The father of the only Canadian whose death has been officially linked to the recent General Motors Co. recall says he is frustrated with the way the company treated his family and believes there may be other victims who have not yet been identified.
Normand Dubuc’s son, 23-year-old Dany Dubuc-Marquis, was killed last year when the 2007 Chevrolet Cobalt he was driving went off the road. Police told Mr. Dubuc they believed his son had fallen asleep at the wheel, but Mr. Dubuc filed a complaint with Transport Canada when he noticed the car’s airbags did not appear to have deployed.
“I miss him all the time,” Mr. Dubuc said of his son, in a phone interview from his home in Granby, Que. “He was my life. Life will never be the same for me.”
Earlier this month, the U.S. government imposed a $35-million (U.S.) fine on GM for failing to report in a timely manner that some vehicles had faulty ignition switches. The defect can cause a car’s engine to shut down, leading to a failure of the power steering and airbags. GM has linked the problem to 12 fatalities in the U.S., and to Mr. Dubuc-Marquis’ death in Quebec.
Mr. Dubuc said he would like to know more about the number of accidents that have involved GM vehicles in recent years because he believes there could be others linked to the recall.
“We can’t know, truly, how many deaths there were,” he said in a recent interview. “And we can’t talk just about deaths. … Some people might have been injured for the rest of their lives.”
Transport Canada said late Friday that it was aware of nine cases that are “potentially related” to the ignition switch failure. The department is also investigating a second fatal accident where the airbag did not deploy, based on a complaint it received last month.
The investigation into Mr. Dubuc-Marquis’s case revealed that the ignition key had moved out of the normal “run” position when the accident occurred, a Transport Canada spokesperson said. Maryse Durette said the key moved to the “accessory” position only after the vehicle had left the road, and therefore is not believed to be the initial cause of the accident. The next step in the investigation is to determine how the ignition switch affected the air bags, she said.
GM acknowledged that it broke U.S. laws by not informing the government about the problem sooner, but General Motors of Canada Ltd. has said it did not learn about the defects until February.
The maximum fine for car manufacturers that violate the Motor Vehicle Safety Act, which outlines the rules a company must follow when reporting a defect, is $1-million (Canadian).

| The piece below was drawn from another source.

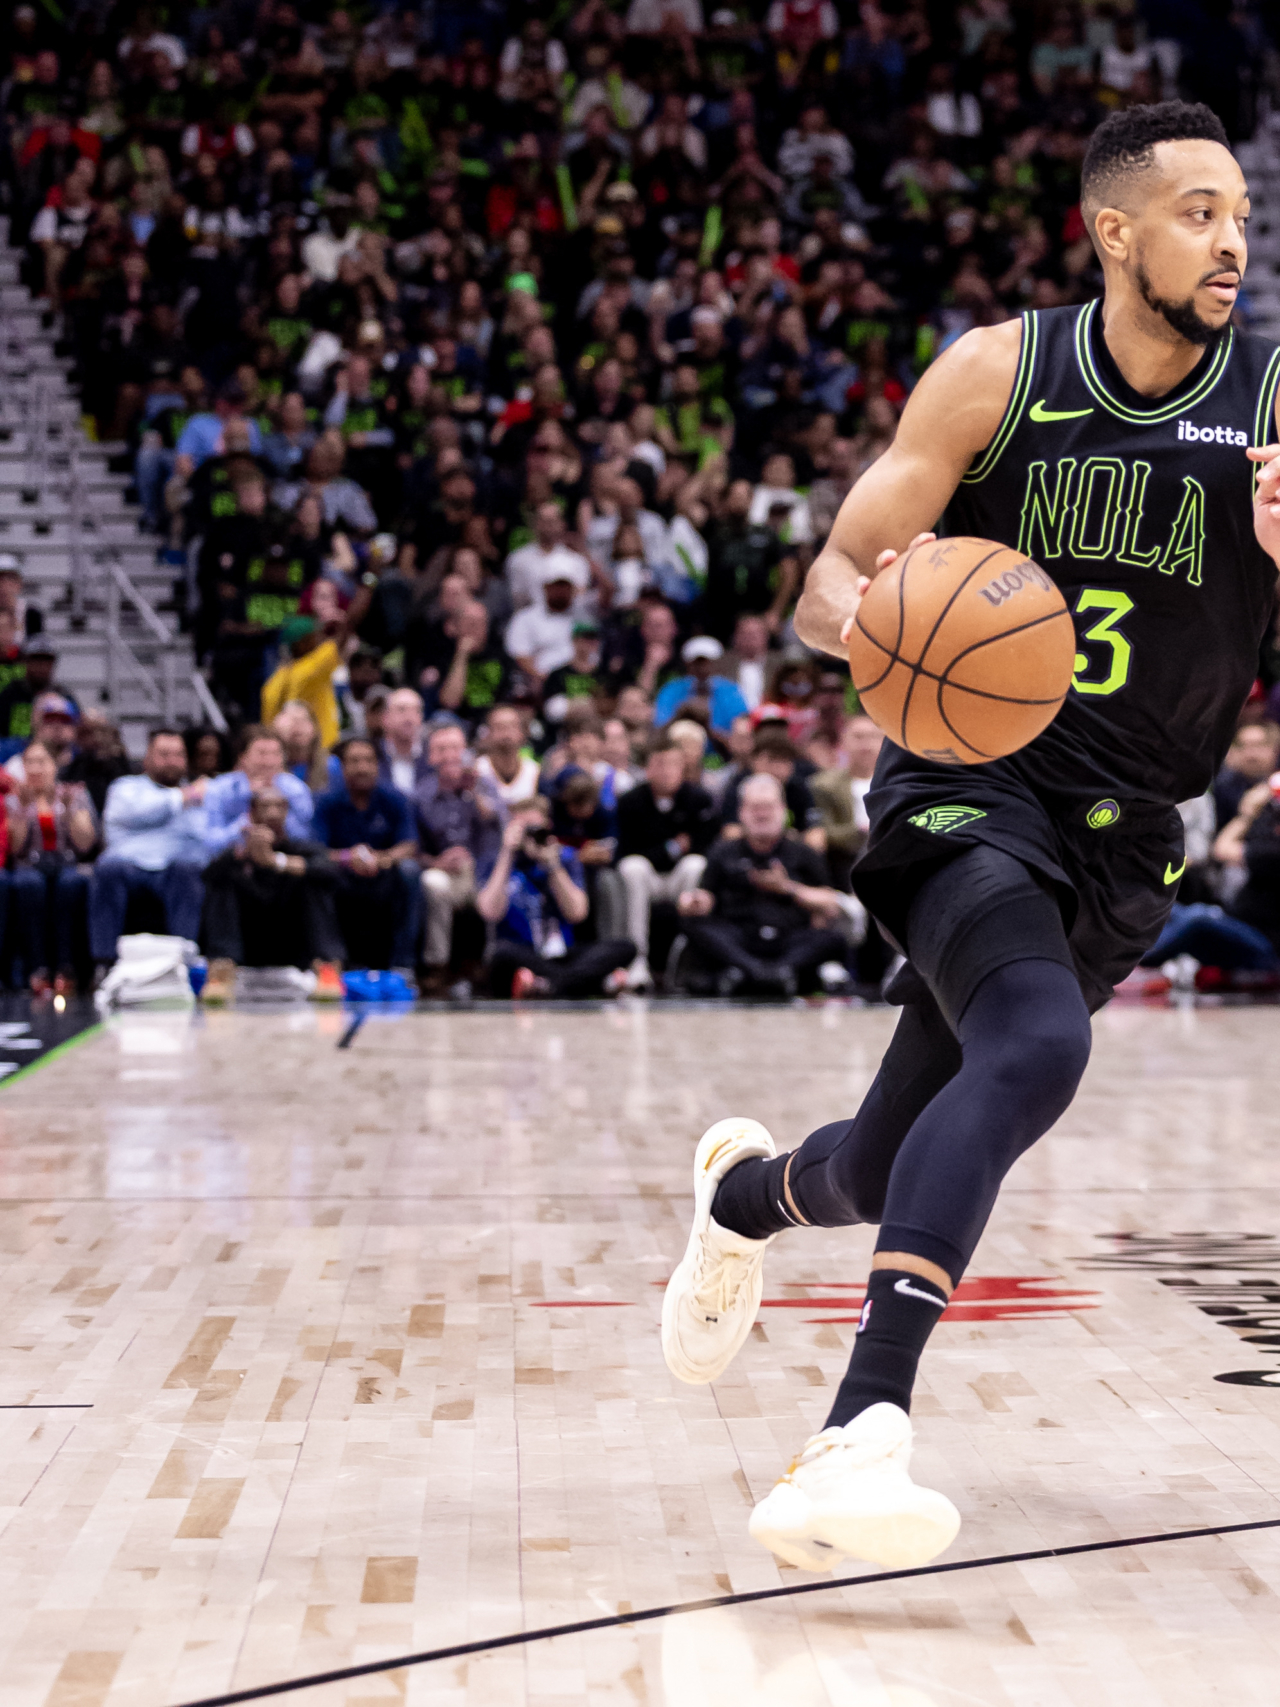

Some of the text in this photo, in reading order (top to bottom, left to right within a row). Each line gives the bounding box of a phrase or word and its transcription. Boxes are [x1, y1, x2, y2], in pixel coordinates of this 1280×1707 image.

Speaking at an unrelated news conference at the Ottawa International Airport, Transport Minister Lisa Raitt said Transport Canada has received “a number” of complaints and concerns about accidents that may be linked to the faulty switch problem and would investigate them. “If, through that investigation, [the department] turns up different information, then they have the ability to go back to the Motor Vehicle Standards to see whether or not they had actually given that information at the appropriate time,” she said.
Mr. Dubuc said he remains frustrated by the way the company has handled the problem. He said he contacted GM’s customer service branch in March, after the recall was announced, and never heard back. “So the customer service at GM, I give it a big zero,” he said. “I wanted a response of what they were going to do. They never called me back and I never got a sympathy message.”
A spokeswoman for GM Canada said the company is sorry for the loss suffered by its customers and would work to regain their trust. She did not say whether the company had been in touch with Mr. Dubuc directly about his son’s death.
Mr. Dubuc said he still has a GM vehicle of his own sitting in his driveway. “And I can tell you, if there was another company that made me an offer, I would trade it for very little.”